--- /dev/null
+Android Hardware OpenGLES emulation design overview
+===================================================
+
+Introduction:
+-------------
+
+Hardware GLES emulation in the Android platform is implemented with a mix
+of components, which are:
+
+ - Several host "translator" libraries.
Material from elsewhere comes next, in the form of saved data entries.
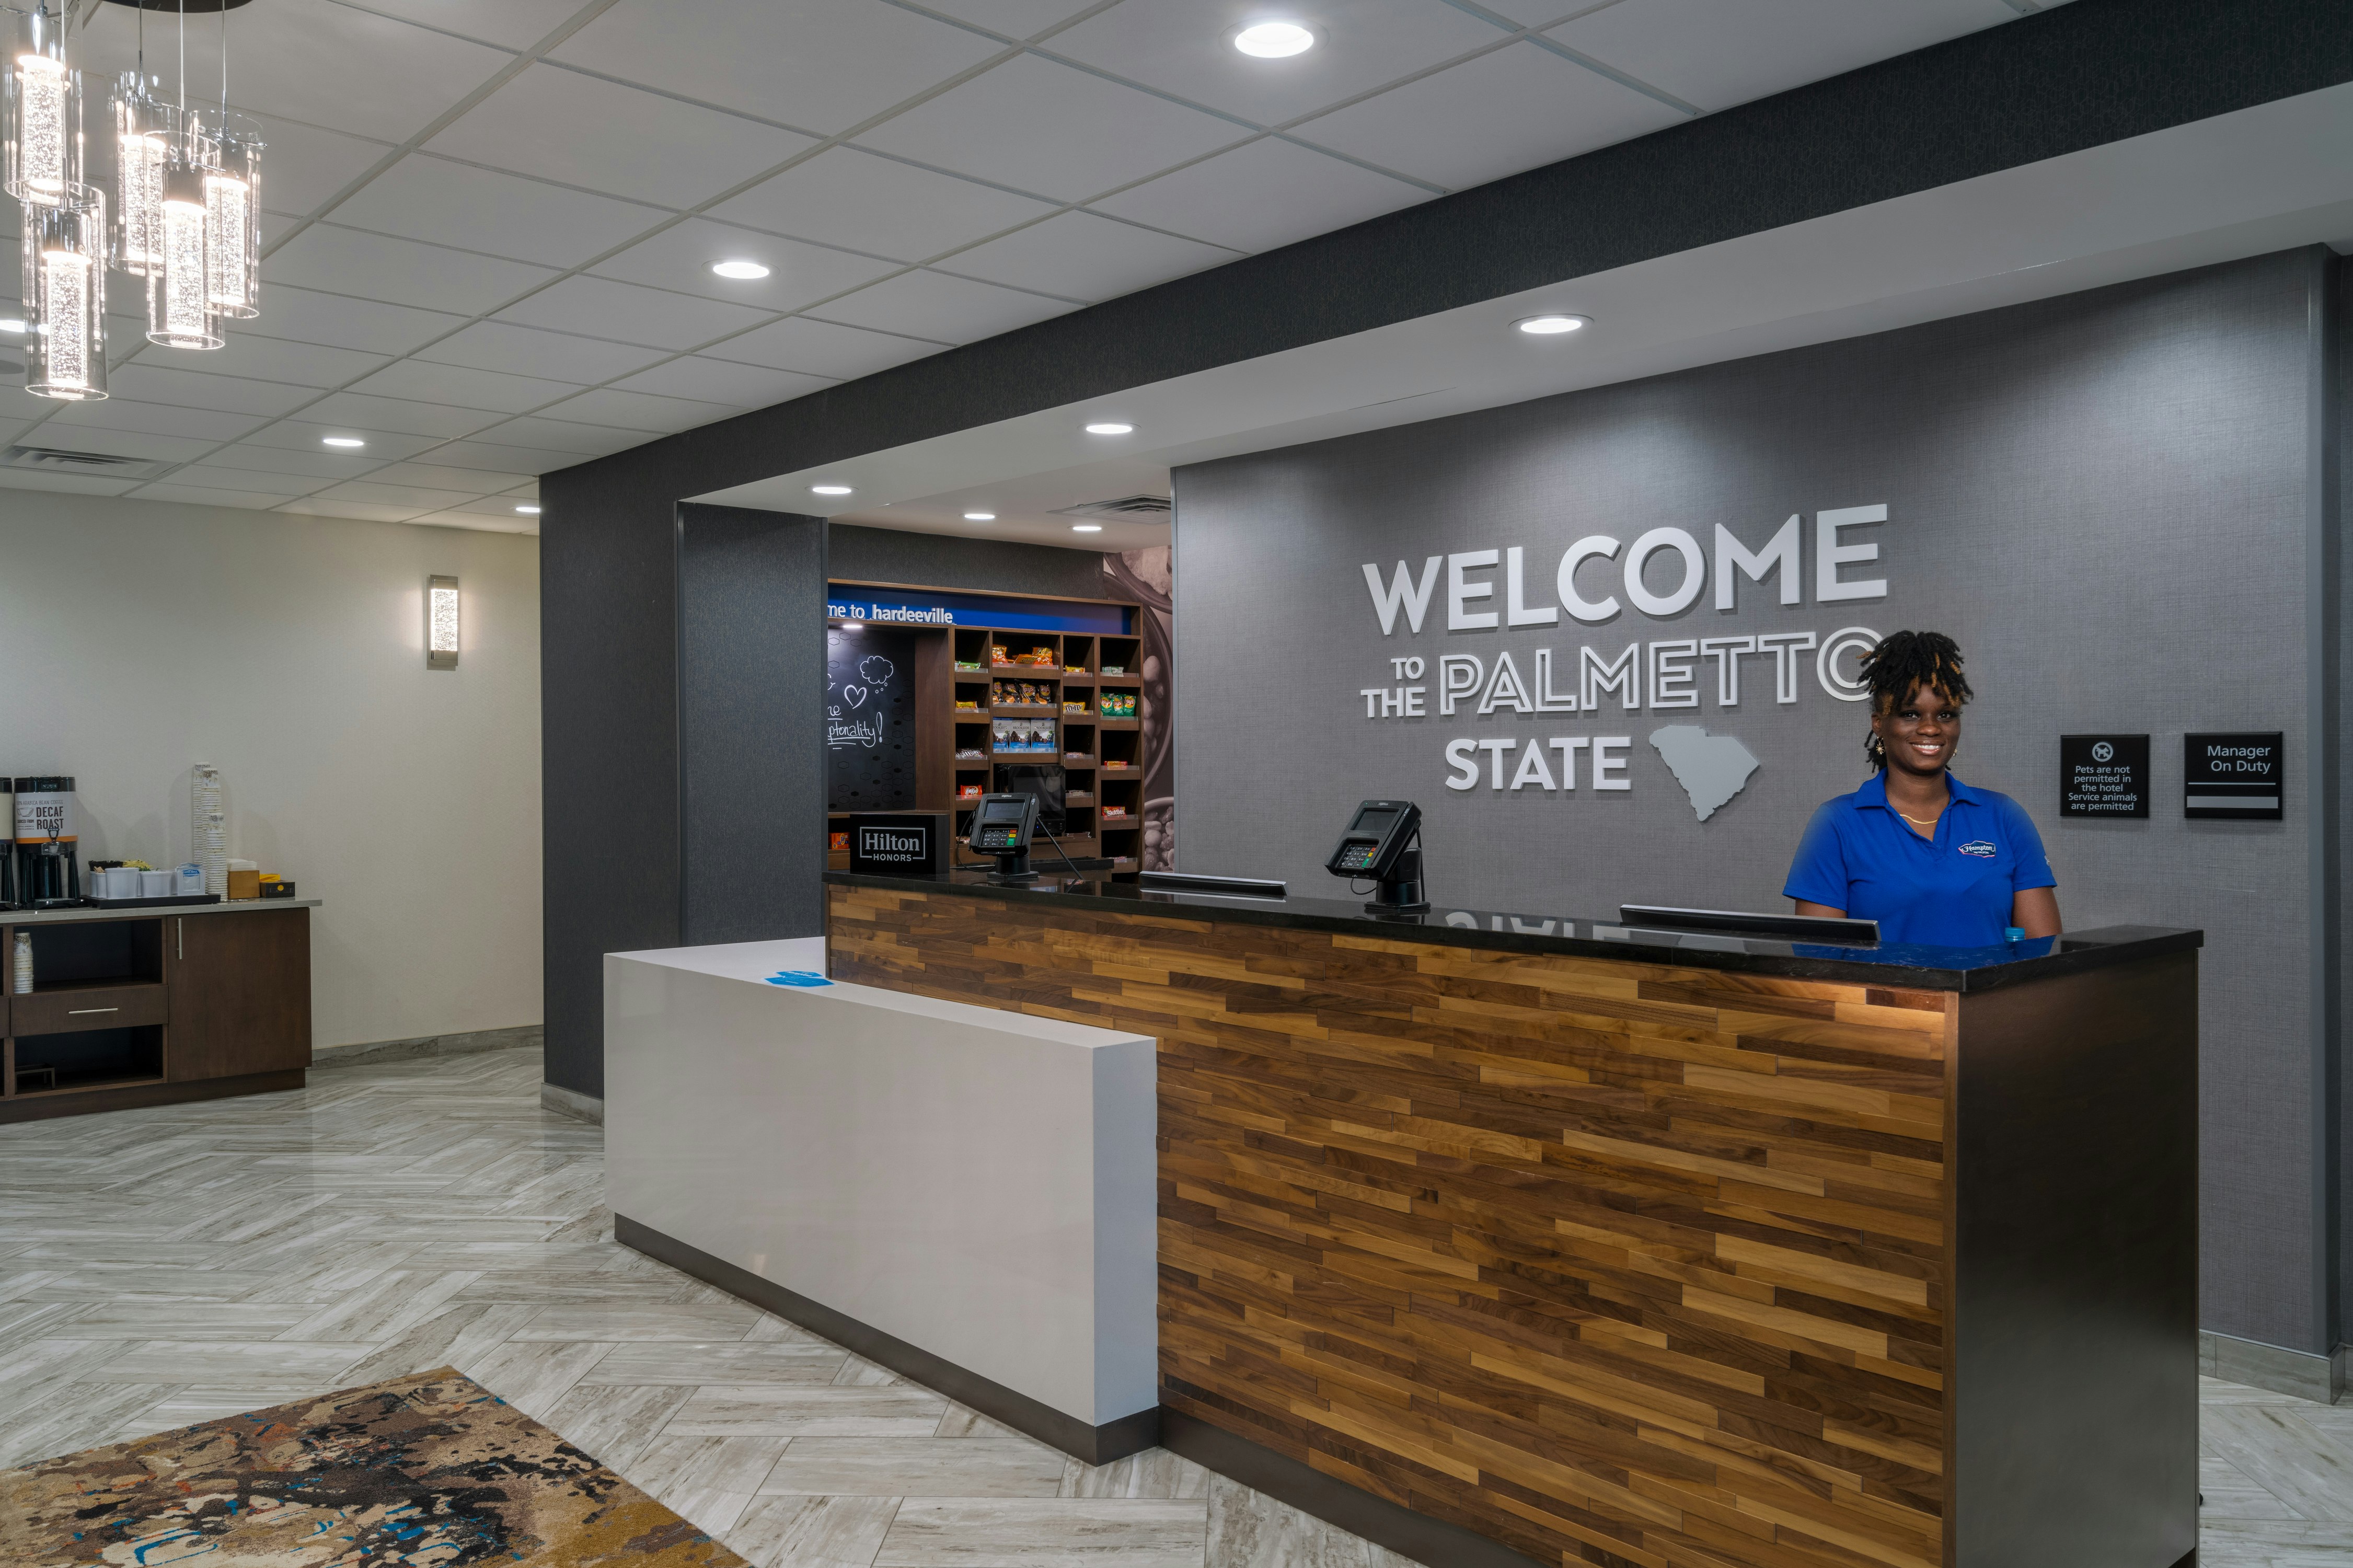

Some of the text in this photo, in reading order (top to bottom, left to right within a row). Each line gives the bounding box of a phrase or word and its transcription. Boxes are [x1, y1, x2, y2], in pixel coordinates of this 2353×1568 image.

[1362, 504, 1887, 636] WELCOME
[849, 604, 865, 619] to
[872, 604, 953, 624] hardeeville
[1360, 627, 1883, 718] THE PALMETTO
[1391, 656, 1425, 679] TO
[828, 712, 882, 747] ptonality!
[2208, 745, 2271, 759] Manager
[1445, 737, 1631, 790] STATE
[2211, 760, 2271, 774] On Duty
[2074, 774, 2119, 784] permitted
[2100, 783, 2124, 792] hotel
[2102, 793, 2137, 801] animals
[36, 806, 64, 817] DECAF
[2088, 802, 2134, 811] permitted
[37, 818, 64, 830] ROAST
[865, 833, 920, 851] Hilton
They implement the EGL, GLES 1.1 and
+ GLES 2.0 ABIs defined by Khronos, and translate the corresponding function
+ calls into calls to the appropriate desktop APIs, i.e.:
+
+ - GLX (Linux), AGL (OS X) or WGL (Windows) for EGL
+ - desktop GL 2.0 for GLES 1.1 and GLES 2.0
+
+ _________ __________ __________
+ | | | | | |
+ |TRANSLATOR |TRANSLATOR| |TRANSLATOR| HOST
+ | EGL | | GLES 1.1 | | GLES 2.0 | TRANSLATOR
+ |_________| |__________| |__________| LIBRARIES
+ | | |
+ - - - | - - - - - - - - - | - - - - - - - - - | - - - - -
+ | | |
+ ____v____ ____v_____ _____v____ HOST
+ | | | | | | SYSTEM
+ | GLX | | GL 2.0 | | GL 2.0 | LIBRARIES
+ |_________| |__________| |__________|
+
+
+
+ - Several system libraries inside the emulated guest system that implement
+ the same EGL / GLES 1.1 and GLES 2.0 ABIs.
+
+ They collect the sequence of EGL/GLES function calls and translate then
+ into a custom wire protocol stream that is sent to the emulator program
+ through a high-speed communication channel called a "QEMU Pipe".
+
+ For now, all you need to know is that the pipe is implemented with a
+ custom kernel driver, and provides for _very_ fast bandwidth. All read()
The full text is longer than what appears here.